**WHAT NEEDS TO BE DONE:**
Quote all entries in full, exactly.

MATERIAL SHOWN Block Start

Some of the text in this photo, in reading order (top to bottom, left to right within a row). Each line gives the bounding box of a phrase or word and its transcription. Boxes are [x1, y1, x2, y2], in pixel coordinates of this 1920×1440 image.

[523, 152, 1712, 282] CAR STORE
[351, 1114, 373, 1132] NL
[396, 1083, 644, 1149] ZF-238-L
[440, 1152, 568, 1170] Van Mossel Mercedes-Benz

MATERIAL SHOWN Block End

**OUTPUT FOR THIS EXERCISE:**
Some of the text in this photo, in reading order (top to bottom, left to right within a row). Each line gives the bounding box of a phrase or word and its transcription. Boxes are [x1, y1, x2, y2], in pixel coordinates of this 1920×1440 image.

[523, 152, 1712, 282] CAR STORE
[351, 1114, 373, 1132] NL
[396, 1083, 644, 1149] ZF-238-L
[440, 1152, 568, 1170] Van Mossel Mercedes-Benz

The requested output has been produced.